In the past 12 months, 84 per cent of professional sports organizations experienced a cyber incident and 57 per cent were hit multiple times. The importance of keeping operations active is not lost on cybersecurity leaders in the sports industry: a third said that the most critical task for cybersecurity teams is to help stadium operations maintain critical functions during live sporting events. If a cyber event disrupted stadium operations, fans may not be able to get through the gates or the game might not be able to be played — creating cascading problems for fans, teams, sporting bodies and sponsors alike.

Sports sector customers also received 19 per cent more phishing emails than other industries. Darktrace detected over 116,000 phishing emails targeting sports customers over six months, with 21 per cent aimed at VIPs and 37 per cent using novel social engineering techniques. Additionally, 84 per cent of phishing emails detected successfully bypassed DMARC authentication.
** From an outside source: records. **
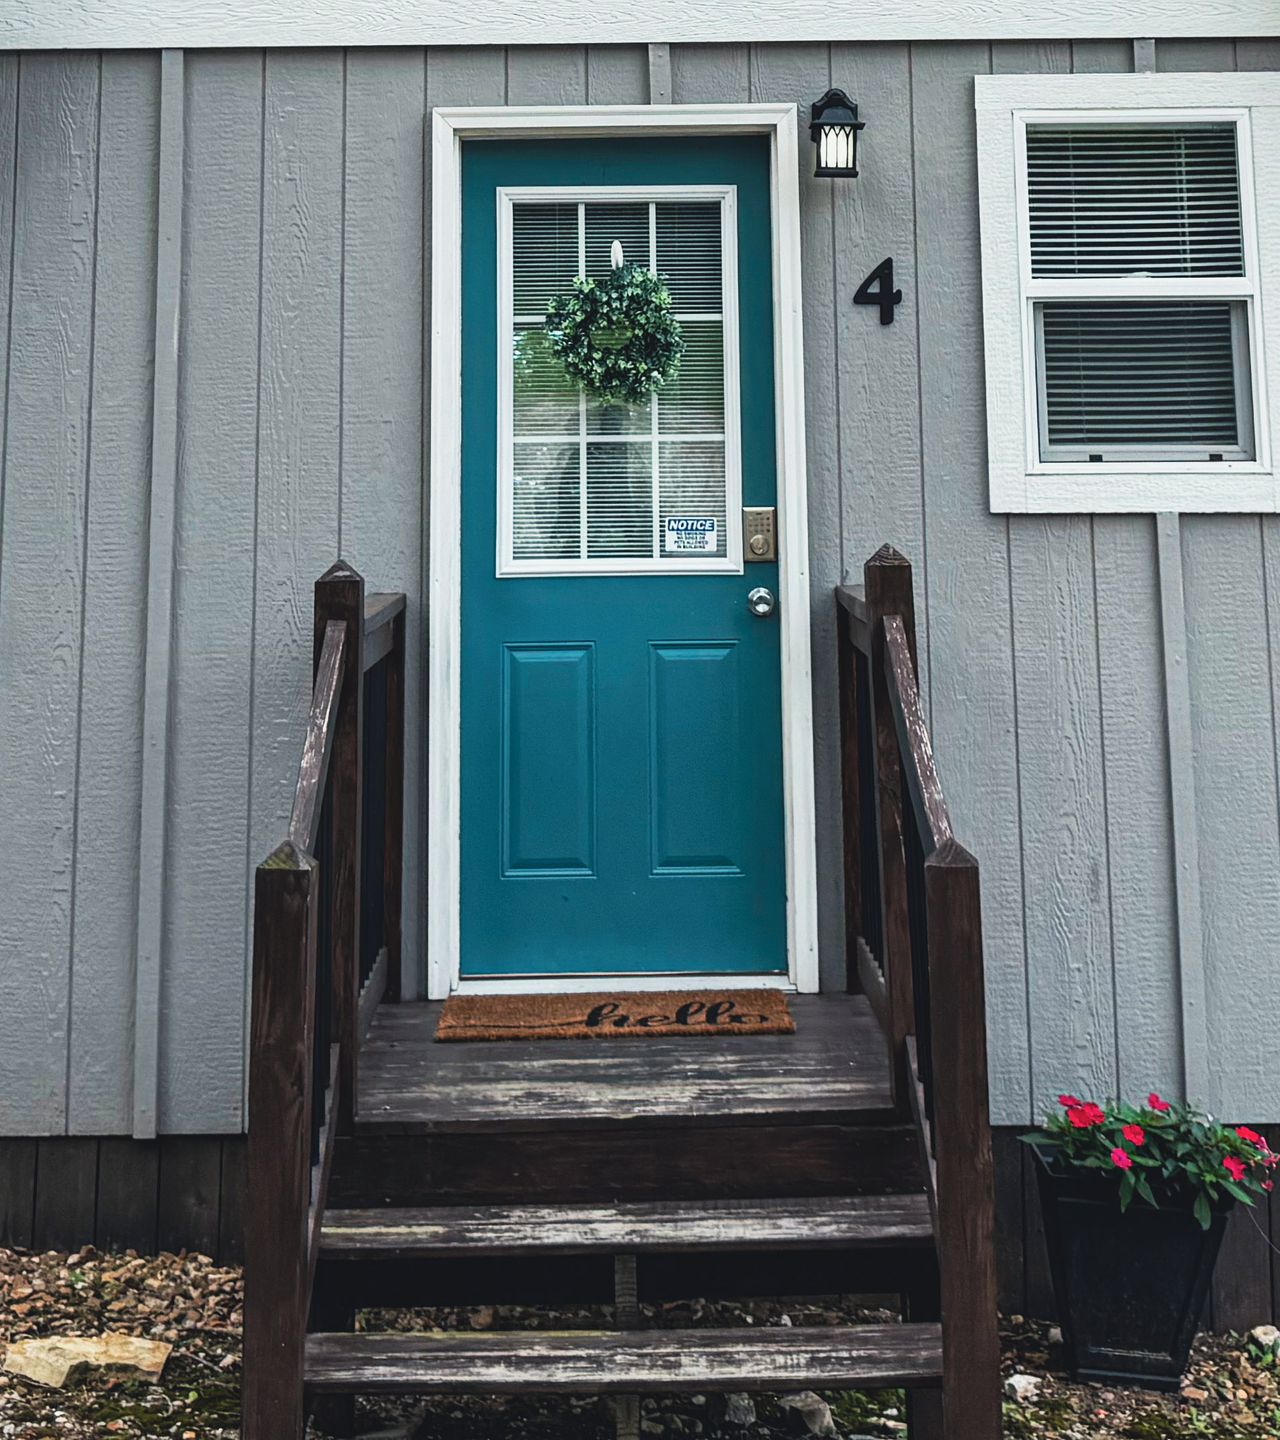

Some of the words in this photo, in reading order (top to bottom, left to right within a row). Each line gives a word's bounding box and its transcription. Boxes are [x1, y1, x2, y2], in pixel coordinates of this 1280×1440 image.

[853, 257, 902, 325] 4
[669, 520, 714, 530] NOTICE
[585, 1001, 768, 1029] hello
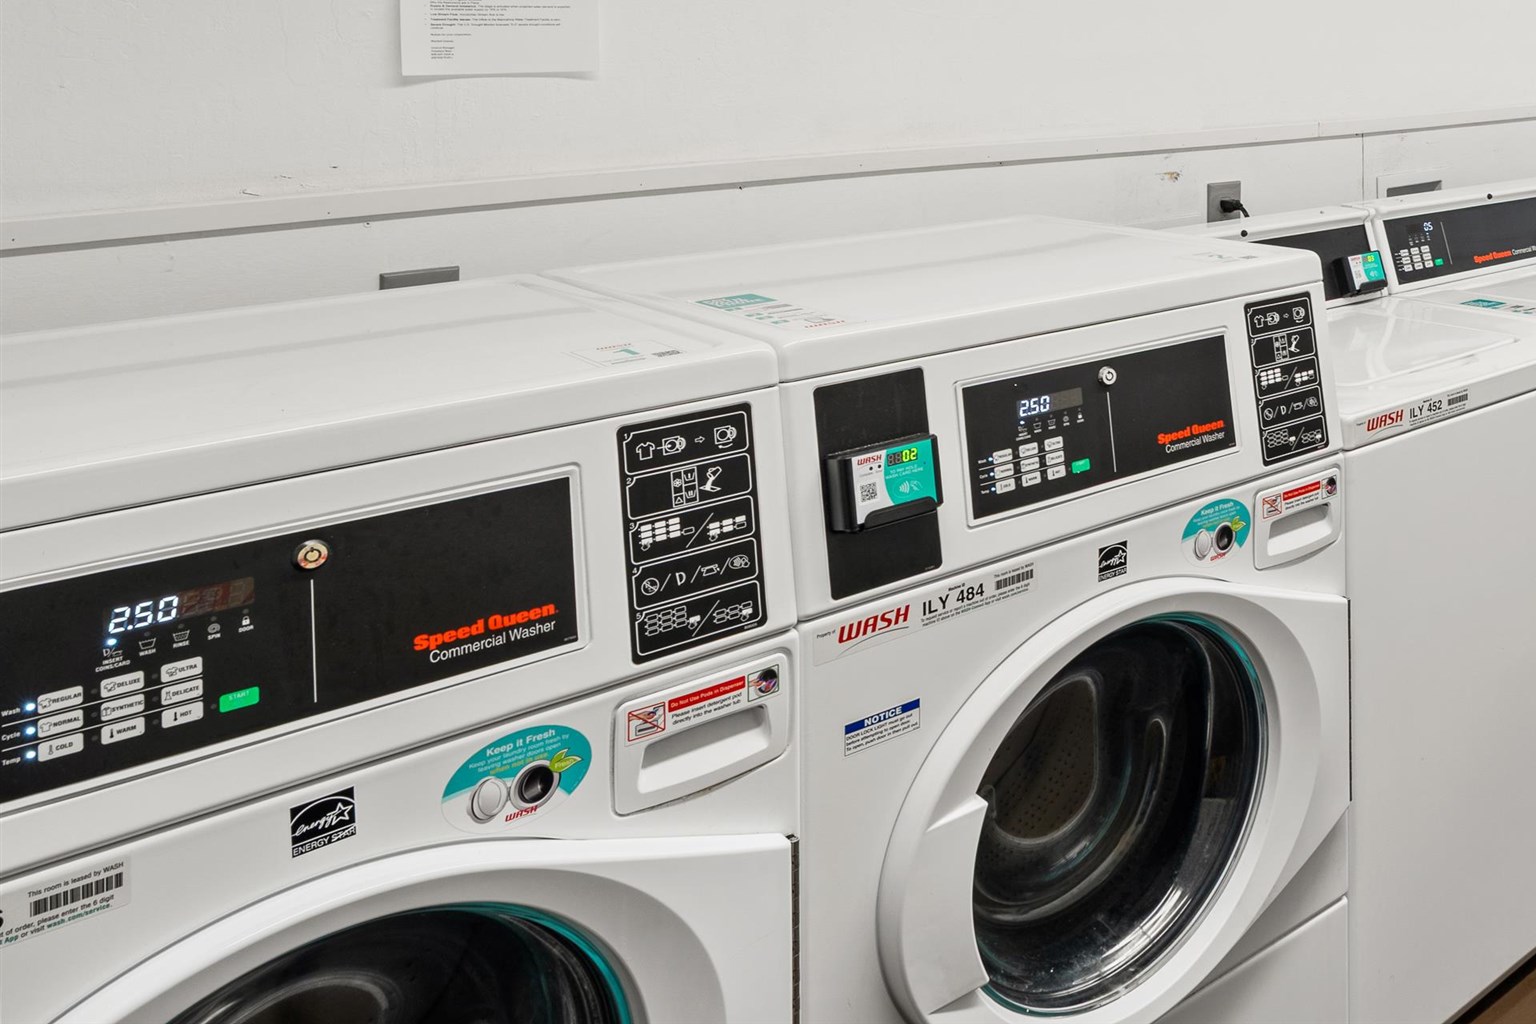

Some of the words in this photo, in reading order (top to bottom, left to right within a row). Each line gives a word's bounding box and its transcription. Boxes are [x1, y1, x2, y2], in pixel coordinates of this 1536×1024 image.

[1020, 395, 1050, 417] 2.50
[1367, 409, 1403, 432] WASH
[1409, 405, 1424, 419] ILY
[1427, 400, 1442, 413] 452
[1158, 426, 1191, 444] Speed
[1192, 420, 1224, 434] Queen
[1166, 436, 1201, 453] Commercial
[1202, 432, 1224, 443] Washer
[857, 454, 882, 465] WASH
[922, 594, 950, 616] ILY
[956, 583, 984, 603] 484
[109, 595, 179, 634] 2.50
[838, 604, 910, 644] WASH
[413, 619, 485, 651] Speed
[488, 603, 556, 630] Queen
[430, 634, 506, 664] Commercial
[509, 620, 556, 641] Washer
[178, 664, 198, 672] ULTRA
[117, 678, 140, 687] DELUXE
[172, 686, 199, 697] DELICATE
[700, 690, 713, 699] Pods
[720, 680, 744, 693] Dispenser
[1, 708, 20, 717] Wash
[51, 692, 82, 704] REGULAR
[112, 700, 144, 712] SYNTHETIC
[179, 709, 192, 718] HOT
[672, 710, 690, 719] Please
[691, 704, 706, 713] insert
[707, 696, 731, 709] detergent
[732, 692, 742, 701] pod
[672, 716, 692, 726] directly
[713, 703, 732, 712] washer
[864, 706, 902, 726] NOTICE
[2, 731, 20, 741] Cycle
[53, 717, 80, 727] NORMAL
[116, 725, 136, 734] WARM
[846, 732, 860, 741] DOOR
[874, 723, 887, 732] LIGHT
[861, 730, 883, 741] attempting
[2, 757, 21, 766] Temp
[56, 742, 73, 750] COLD
[469, 759, 486, 769] Keep
[488, 756, 501, 764] your
[503, 747, 526, 758] laundry
[546, 737, 560, 745] fresh
[486, 743, 513, 756] Keep
[516, 738, 523, 747] it
[526, 729, 555, 744] Fresh
[478, 761, 501, 772] leaving
[502, 755, 525, 764] washer
[527, 748, 544, 758] doors
[546, 743, 561, 751] open
[505, 805, 538, 822] WASH
[293, 837, 330, 856] ENERGY
[331, 825, 355, 842] STAR
[28, 889, 42, 897] This
[44, 883, 61, 892] room
[71, 873, 91, 883] leased
[103, 862, 124, 873] WASH
[4, 935, 18, 944] App
[30, 926, 45, 934] visit
[47, 903, 112, 929] wash.com/service.
[15, 922, 35, 932] order,
[37, 914, 59, 926] please
[61, 908, 78, 917] enter
[99, 894, 114, 903] digit
AI adding new layers of risk

It is also feared that the rapid introduction of AI will make FIFA more vulnerable to threat actors, as AI is being deployed or planned to be deployed in 35 per cent of stadium operations — the function 34 per cent of respondents named as most critical to protect. Of the professionals surveyed by Darktrace, 72 per cent believe AI will increase cyber risk over the next 12 months.

"A suspicious login, unusual data movement or unexpected AI agent action may look small in isolation, but during a live event it can become operationally significant very quickly," said Nathaniel Jones, VP of security and AI strategy at Darktrace.

Supply chain a key vulnerability

Sports organizations also carry vast amounts of sensitive data — from fan payment details to athlete contracts and confidential commercial partnerships — making them attractive targets for theft and fraud. The supply chain around third-party suppliers is commonly exploited as a weak point: ticketing providers, broadcasters, cloud services and stadium technology software suppliers are all potential entry points for attackers who can leverage trusted relationships to conduct attacks.

Darktrace concluded that cyber defense must shift from reactive incident response to structural resilience. That means threat-modeling AI misuse, enforcing supply-chain and vendor-access governance, segmenting IT, OT, and fan-facing systems, and rehearsing live-event playbooks for moments when defenders have minutes, not hours.

"The most effective way to mitigate the risks facing sports organizations both internally and from external actors today is to adopt a behavioral approach to security. That means shifting away from rules and signatures and focusing on understanding both human and AI behavior inside your environment," said Jones.